Aujourd'hui, nous diffusons une version amplifiée de ce Livre blanc, comportant 4 nouveaux chapitres présentant nos réflexions et propositions sur la culture, les langues endogènes, le territoire et la gouvernance régionale (chapitres marqués d'un *) :
1. Culture et citoyenneté en Wallonie
2. Implications politiques d'une approche globale de la culture en Wallonie (*)
3. Pourquoi et comment il faut régionaliser l'enseignement
4. Un nouveau paysage audiovisuel public : pour une télévision « de Wallonie et de Bruxelles » ; pour des radios wallonnes, bruxelloises et « de Wallonie et de Bruxelles »

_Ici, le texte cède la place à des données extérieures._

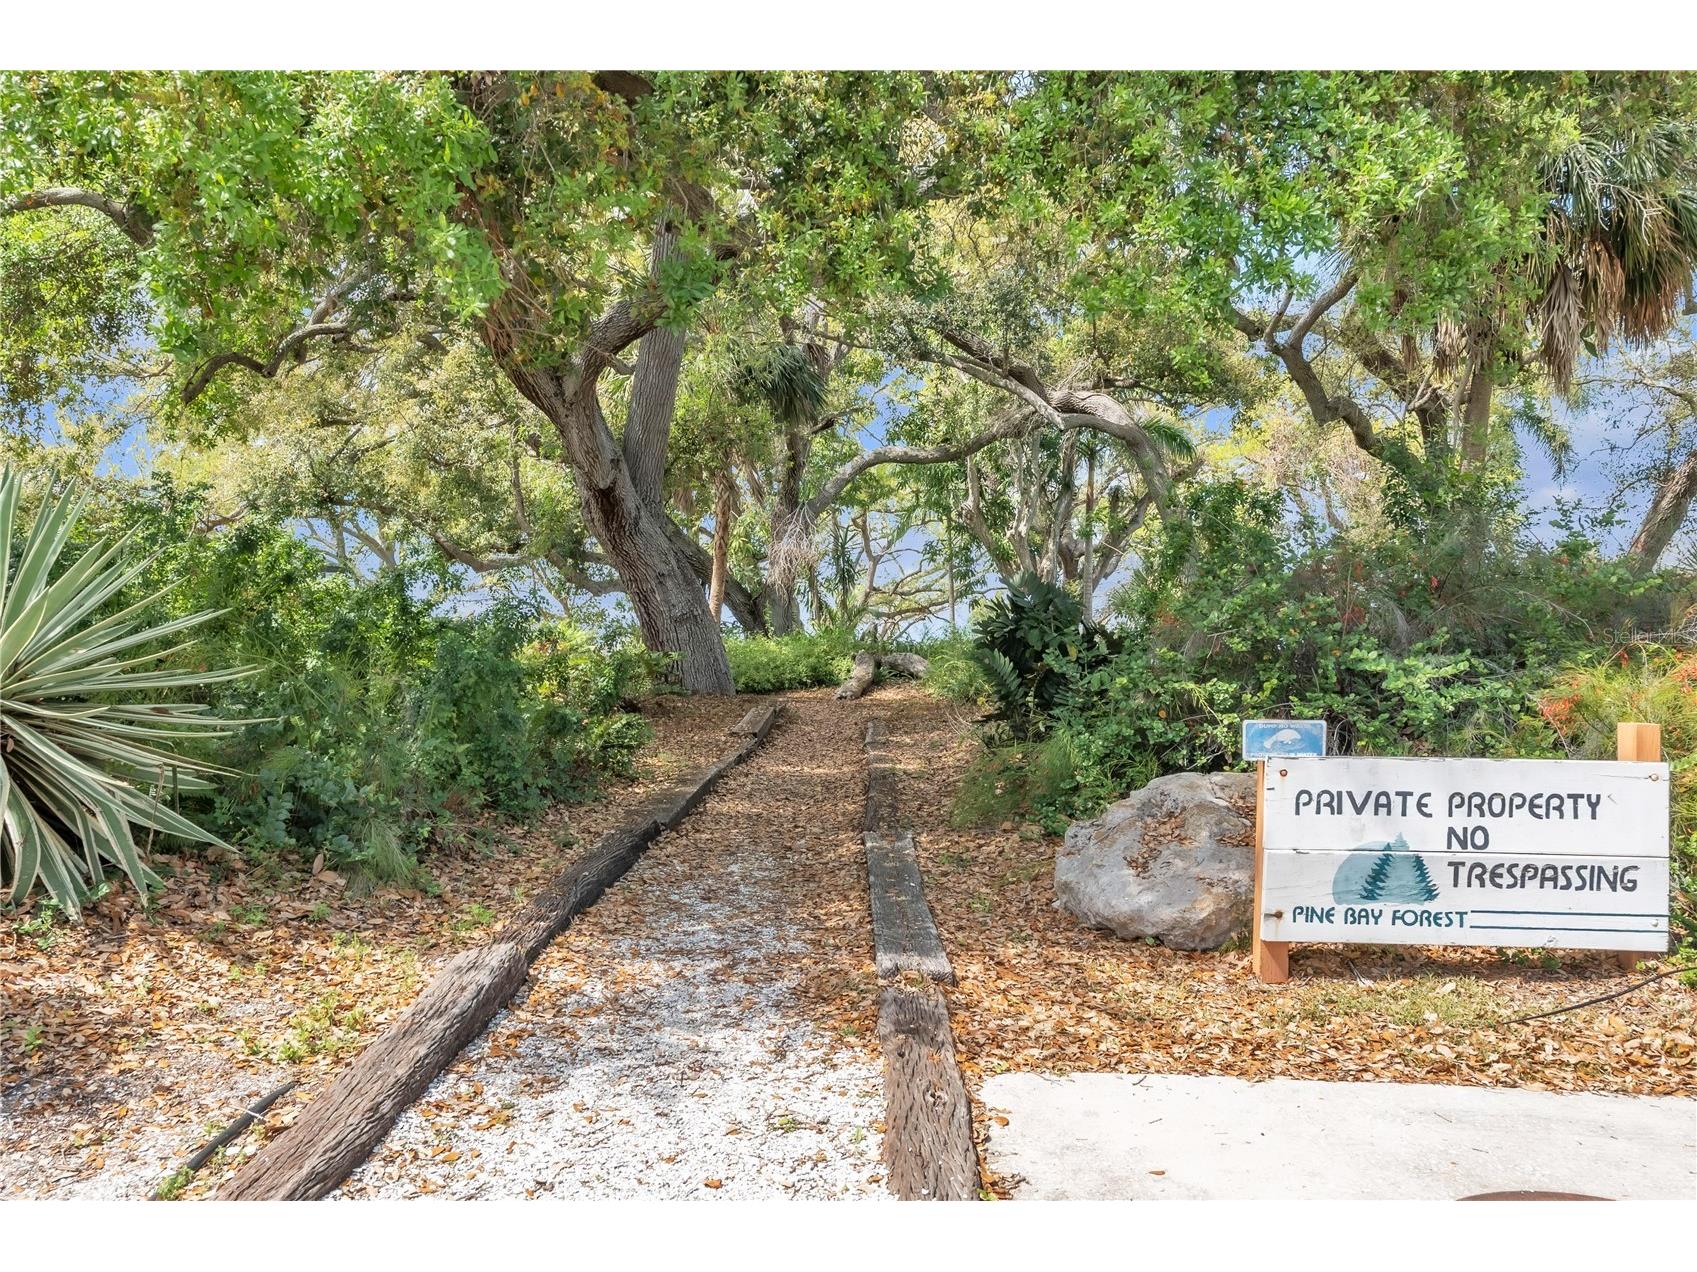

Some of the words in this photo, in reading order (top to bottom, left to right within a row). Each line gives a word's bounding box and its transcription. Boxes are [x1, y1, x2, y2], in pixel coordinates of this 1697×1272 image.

5. Pour la promotion des langues endogènes de Wallonie (*)
6. Pour une régionalisation de l'accueil de l'enfance et des autres matières personnalisables
7. Le territoire wallon : un capital à gérer pour maîtriser le devenir wallon (*)
8. Trois propositions concrètes pour une amélioration du fonctionnement de la Région wallonne (*)

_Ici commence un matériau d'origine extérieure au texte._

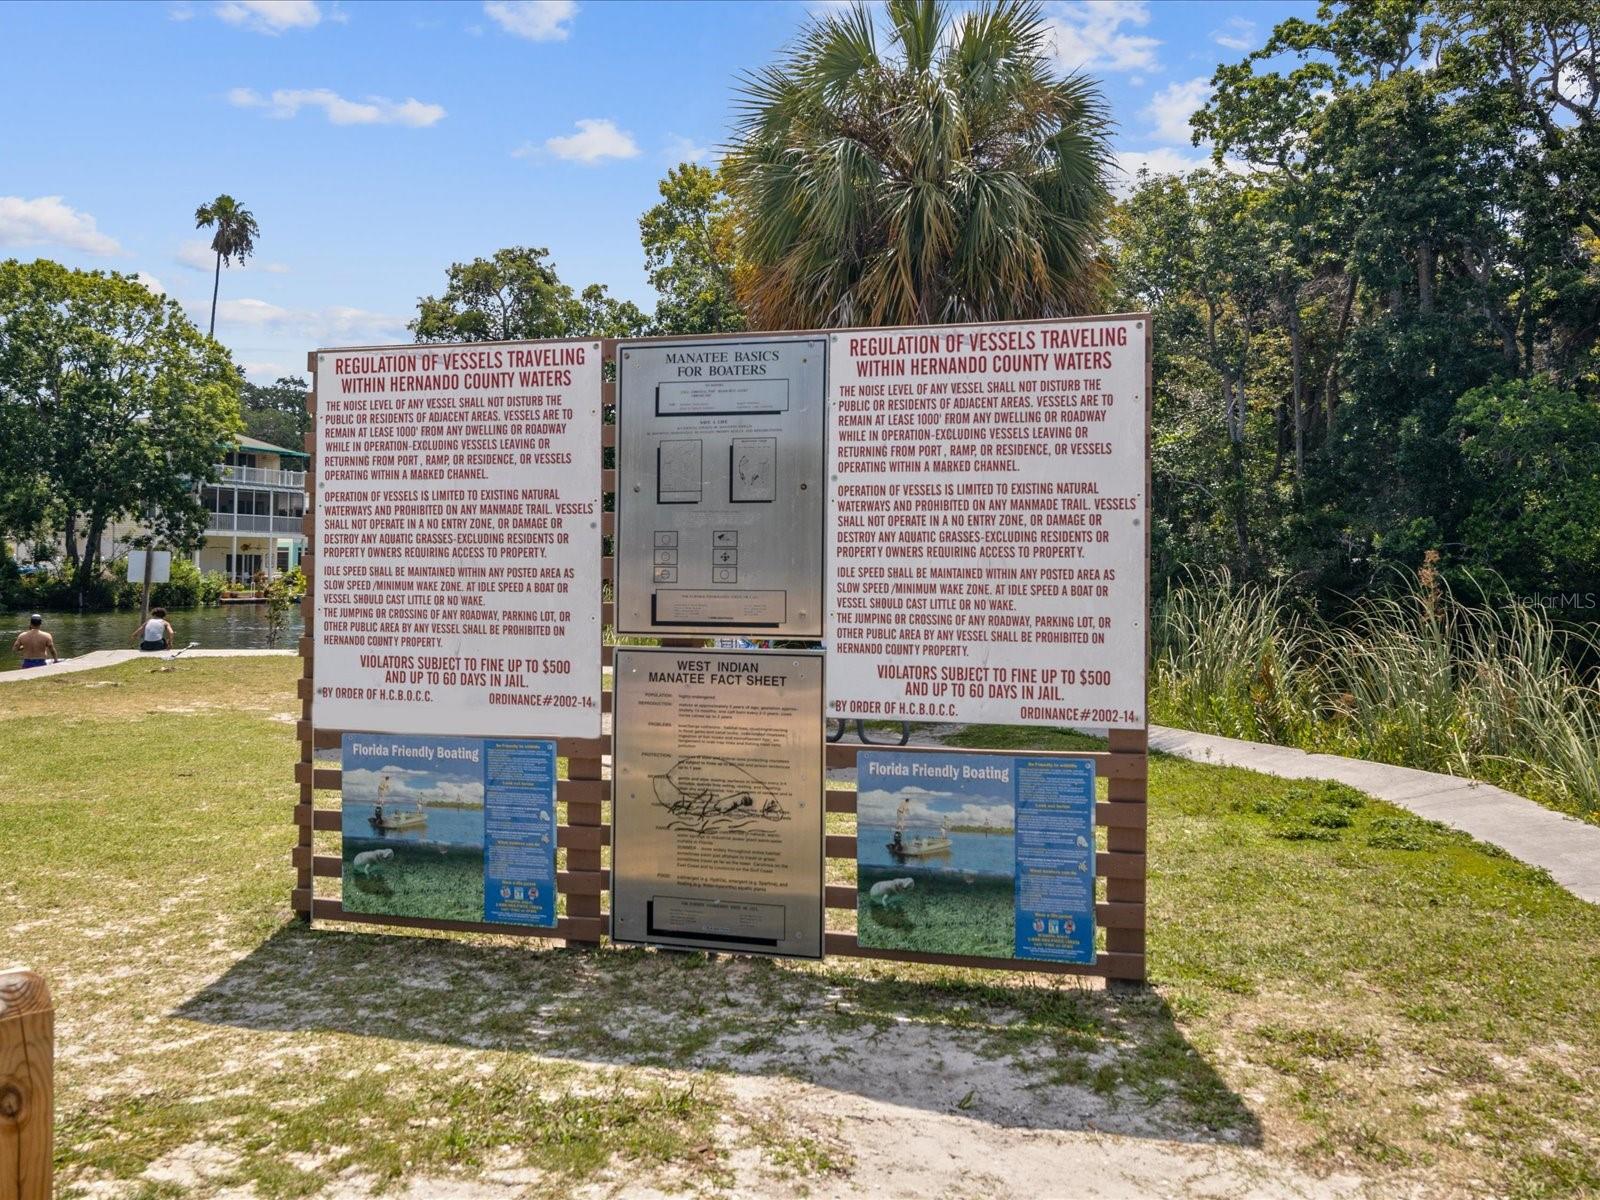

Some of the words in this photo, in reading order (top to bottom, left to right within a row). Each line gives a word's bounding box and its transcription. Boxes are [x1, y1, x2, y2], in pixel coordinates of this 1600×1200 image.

[849, 334, 939, 357] REGULATION
[945, 333, 966, 353] OF
[968, 330, 1036, 352] VESSELS
[1039, 326, 1127, 349] TRAVELING
[335, 354, 416, 375] REGULATION
[421, 354, 439, 372] OF
[442, 350, 503, 370] VESSELS
[506, 347, 585, 368] TRAVELING
[666, 352, 729, 364] MANATEE
[734, 350, 779, 362] BASICS
[856, 359, 905, 378] WITHIN
[910, 355, 987, 376] HERNANDO
[992, 353, 1050, 373] COUNTY
[1053, 350, 1112, 371] WATERS
[677, 366, 702, 377] FOR
[709, 364, 767, 376] BOATERS
[340, 376, 385, 394] WITHIN
[390, 373, 459, 392] HERNANDO
[463, 371, 516, 390] COUNTY
[518, 369, 572, 388] WATERS
[324, 414, 354, 425] PUBLIC
[356, 413, 367, 424] OR
[369, 412, 414, 424] RESIDENTS
[416, 412, 427, 423] OF
[428, 411, 470, 422] ADJACENT
[471, 410, 501, 422] AREAS.
[504, 409, 540, 421] VESSELS
[542, 408, 560, 420] ARE
[562, 408, 573, 420] TO
[838, 414, 872, 426] REMAIN
[874, 414, 886, 425] AT
[888, 413, 914, 426] LEASE
[944, 412, 970, 424] FROM
[972, 412, 992, 424] ANY
[994, 411, 1041, 423] DWELLING
[1044, 410, 1057, 423] OR
[1060, 409, 1107, 422] ROADWAY
[325, 441, 350, 452] WHILE
[352, 441, 361, 452] IN
[460, 439, 497, 450] VESSELS
[499, 438, 535, 450] LEAVING
[538, 438, 550, 449] OR
[837, 461, 886, 473] OPERATING
[888, 461, 921, 473] WITHIN
[923, 460, 930, 472] A
[932, 460, 971, 472] MARKED
[973, 459, 1019, 473] CHANNEL.
[324, 490, 368, 502] OPERATION
[370, 490, 382, 502] OF
[382, 490, 418, 501] VESSELS
[420, 489, 429, 501] IS
[431, 489, 465, 501] LIMITED
[466, 489, 478, 501] TO
[480, 488, 519, 500] EXISTING
[521, 488, 561, 500] NATURAL
[836, 500, 890, 512] WATERWAYS
[893, 499, 912, 511] AND
[915, 499, 969, 511] PROHIBITED
[972, 499, 986, 511] ON
[988, 499, 1007, 511] ANY
[1009, 498, 1058, 510] MANMADE
[1061, 498, 1091, 511] TRAIL.
[1094, 497, 1136, 510] VESSELS
[323, 533, 360, 544] DESTROY
[360, 533, 378, 544] ANY
[379, 533, 413, 544] AQUATIC
[507, 532, 554, 544] RESIDENTS
[556, 532, 569, 544] OR
[836, 546, 884, 557] PROPERTY
[885, 546, 924, 558] OWNERS
[926, 546, 976, 558] REQUIRING
[979, 546, 1015, 558] ACCESS
[1018, 546, 1030, 558] TO
[1032, 546, 1086, 559] PROPERTY.
[836, 596, 867, 608] VESSEL
[869, 597, 903, 609] SHOULD
[905, 598, 928, 610] CAST
[929, 598, 957, 610] LITTLE
[958, 599, 971, 610] OR
[973, 599, 986, 610] NO
[988, 599, 1017, 611] WAKE.
[836, 642, 882, 654] HERNANDO
[884, 643, 920, 655] COUNTY
[922, 644, 970, 657] PROPERTY.
[359, 654, 414, 669] VIOLATORS
[417, 656, 462, 670] SUBJECT
[463, 657, 477, 671] TO
[480, 657, 505, 672] FINE
[507, 658, 522, 672] UP
[524, 659, 539, 674] TO
[542, 658, 570, 674] $500
[677, 661, 711, 672] WEST
[717, 662, 759, 673] INDIAN
[648, 672, 705, 684] MANATEE
[710, 674, 742, 685] FACT
[746, 675, 787, 687] SHEET
[321, 686, 333, 698] BY
[334, 686, 364, 700] ORDER
[366, 688, 378, 700] OF
[904, 681, 928, 696] AND
[932, 682, 948, 697] UP
[952, 682, 965, 698] TO
[968, 683, 984, 698] 60
[988, 684, 1017, 700] DAYS
[1021, 685, 1034, 700] IN
[1037, 685, 1064, 701] JAIL.
[834, 699, 848, 712] BY
[849, 699, 881, 713] ORDER
[884, 702, 897, 714] OF
[352, 743, 389, 756] Florida
[392, 744, 434, 760] Friendly
[437, 747, 479, 763] Boating
[869, 762, 909, 776] Florida
[912, 763, 959, 780] Friendly
[962, 765, 1009, 783] Boating

9. Promouvoir la Wallonie sur la scène européenne et mondiale
10. Conclusion
A un mois des élections régionales, à l'heure où des négociations institutionnelles se préparent, à l'heure où certaines forces politiques, affichées initialement « demanderesses de rien », semblent à présent se réfugier dans l'exutoire de réflexes fusionnels entre Communauté française et Régions, le présent Livre blanc pour la Wallonie en appelle à l'imagination de tous nos dirigeants et représentants : qu'ils soient conscients qu'il est de l'intérêt des Wallons comme des Bruxellois de se doter des instruments politiques et institutionnels qui garantiront leur avenir. Il est grand temps de laisser pour de bon derrière nous un État-Belgique où deux Communautés se font face, afin de permettre aux 3 Régions de s'épanouir, chacune avec son identité propre et des institutions efficaces et simplifiées, et ce, de manière durable, et en authentique bonne intelligence réciproque.

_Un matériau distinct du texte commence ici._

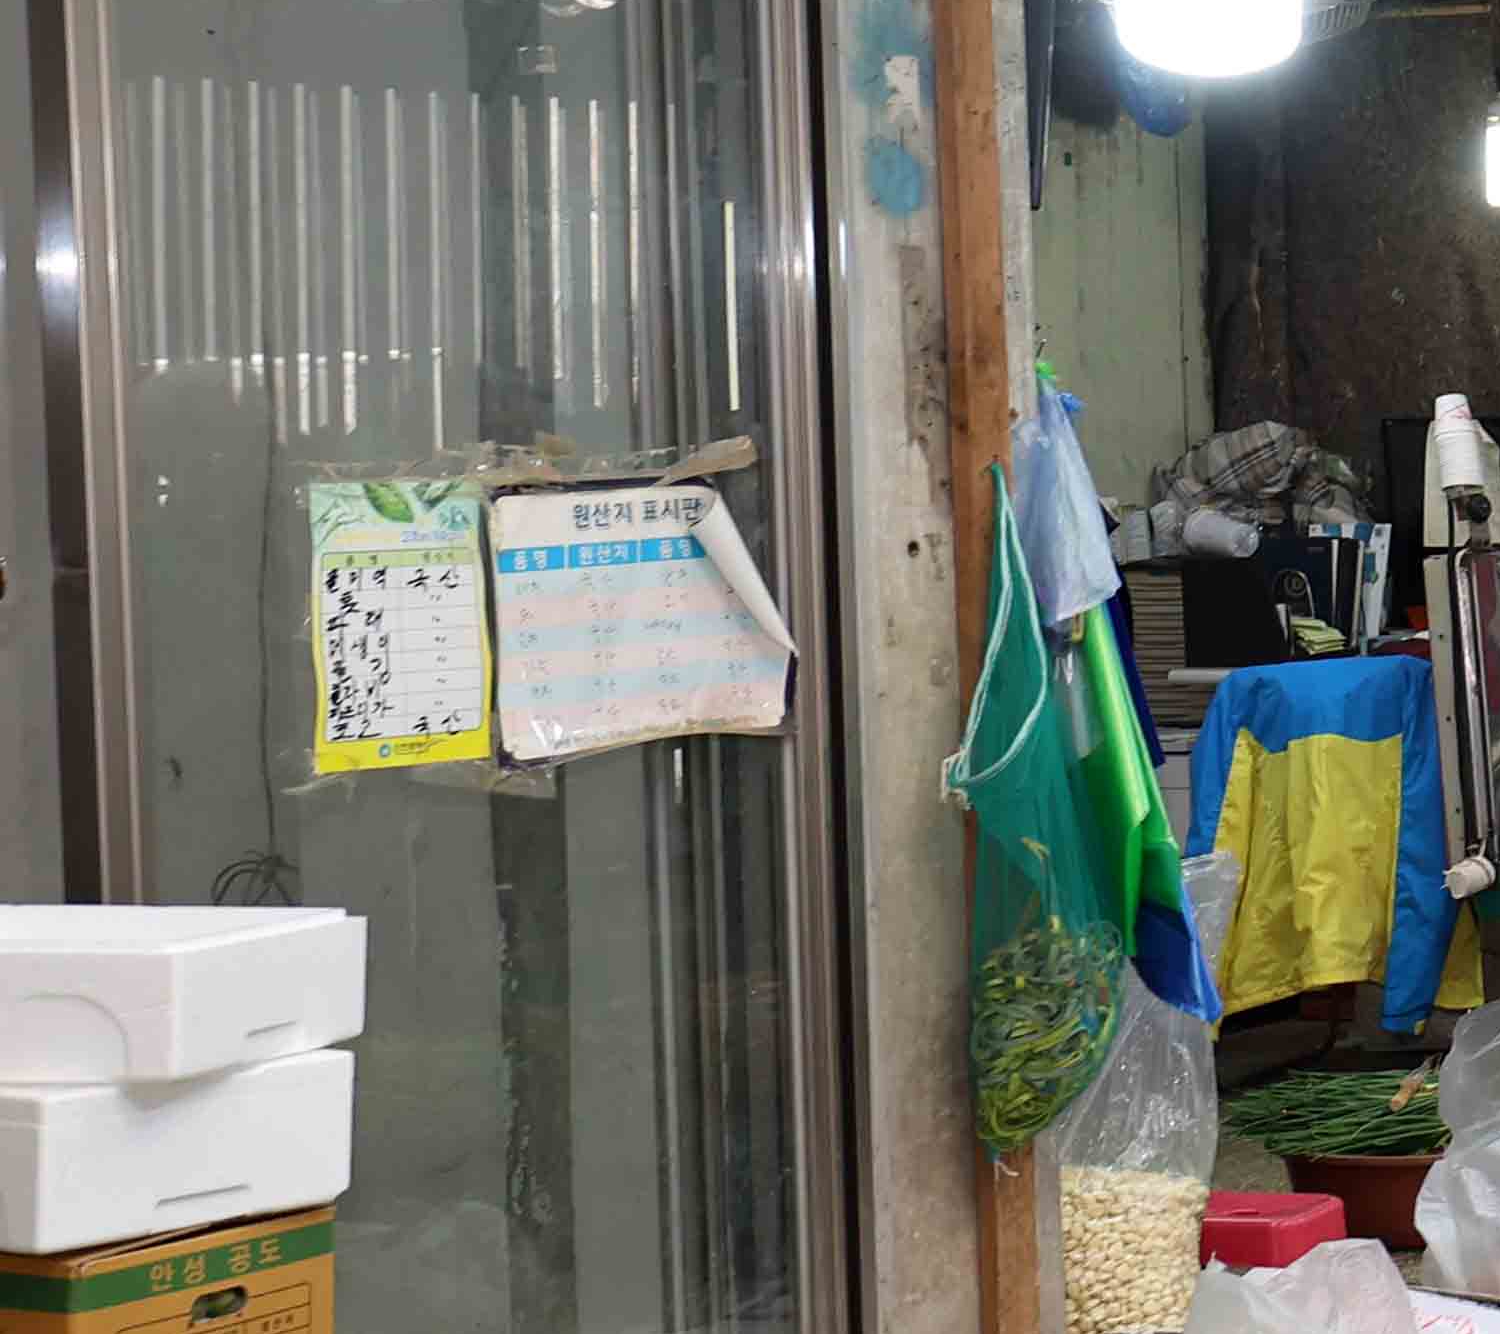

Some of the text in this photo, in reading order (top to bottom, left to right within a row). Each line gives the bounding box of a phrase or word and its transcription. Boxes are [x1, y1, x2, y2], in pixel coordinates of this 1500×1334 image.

François ANDRÉ (Politologue ; Mouvement du Manifeste wallon ; revue Toudi)
Francis BISMANS (Professeur et militant politique)
Thierry BODSON (Syndicaliste)
Robert COLLIGNON (Juriste ; ancien Ministre-Président de la Région wallonne)
Raymond COUMONT (Syndicaliste)
Jean-Maurice DEHOUSSE (Ancien Ministre-Président de la Région Wallonne ; ancien Bourgmestre de Liège)
(opposé à la proposition de remplacement des provinces par des circonscriptions subrégionales page 38)
Jacques DUPONT (Wallonie Libre ; Comité wallon d'Action pour les Relations extérieures (CWARE))
José FONTAINE (Docteur en philosophie, Directeur de la revue Toudi)
Michel GIGOT (Vice-Président du Mouvement du Manifeste wallon ; CWARE)
Christophe HAVEAUX (Chargé de communication ; revue Toudi)
Jean-Pol HIERNAUX (Fonctionnaire)
Philippe HUBERT (Militant wallon)
Jean-Émile HUMBLET (Professeur émérite ; Sénateur e.r. ; CWARE)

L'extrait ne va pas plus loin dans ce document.